=== Begin Enclosure ===
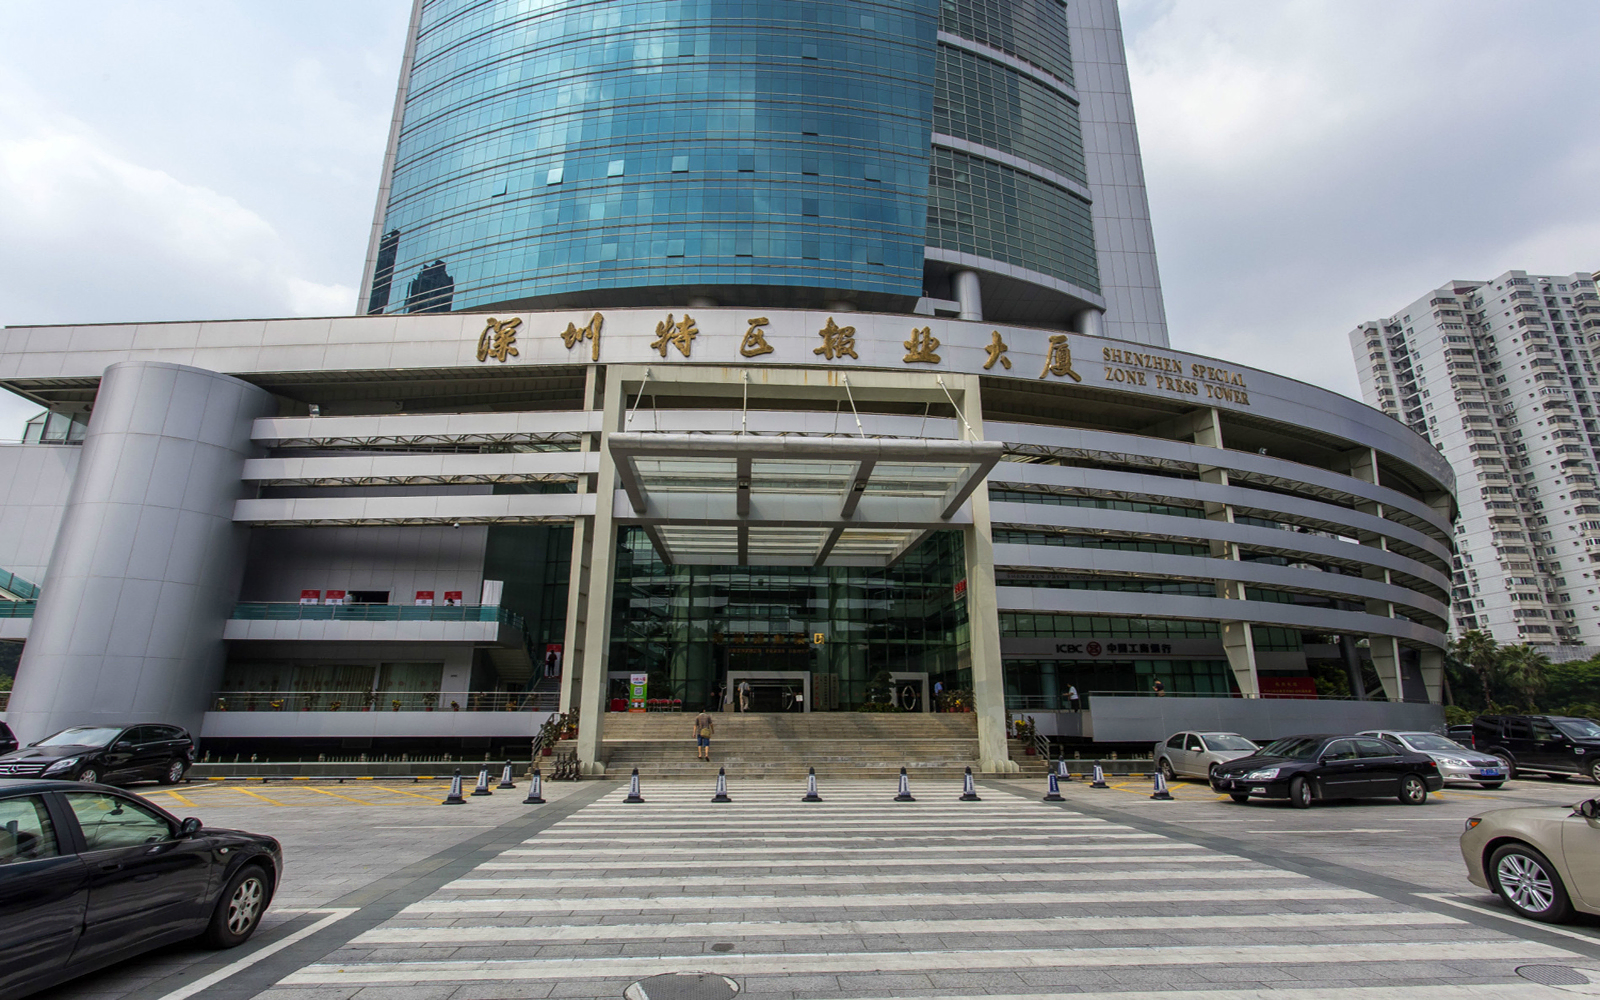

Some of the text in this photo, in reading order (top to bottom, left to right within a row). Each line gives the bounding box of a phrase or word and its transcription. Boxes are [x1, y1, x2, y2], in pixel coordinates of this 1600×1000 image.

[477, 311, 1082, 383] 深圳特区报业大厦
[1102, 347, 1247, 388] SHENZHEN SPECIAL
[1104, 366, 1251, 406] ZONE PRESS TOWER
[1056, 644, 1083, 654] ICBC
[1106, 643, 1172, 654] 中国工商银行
=== End Enclosure ===
- INSTRUCTIONS TO FOLLOW
Pictures in the listing above must be skipped; everything else should be copied exactly.

- EXERCISE OUTPUT
Some of the text in this photo, in reading order (top to bottom, left to right within a row). Each line gives the bounding box of a phrase or word and its transcription. Boxes are [x1, y1, x2, y2], in pixel coordinates of this 1600×1000 image.

[477, 311, 1082, 383] 深圳特区报业大厦
[1102, 347, 1247, 388] SHENZHEN SPECIAL
[1104, 366, 1251, 406] ZONE PRESS TOWER
[1056, 644, 1083, 654] ICBC
[1106, 643, 1172, 654] 中国工商银行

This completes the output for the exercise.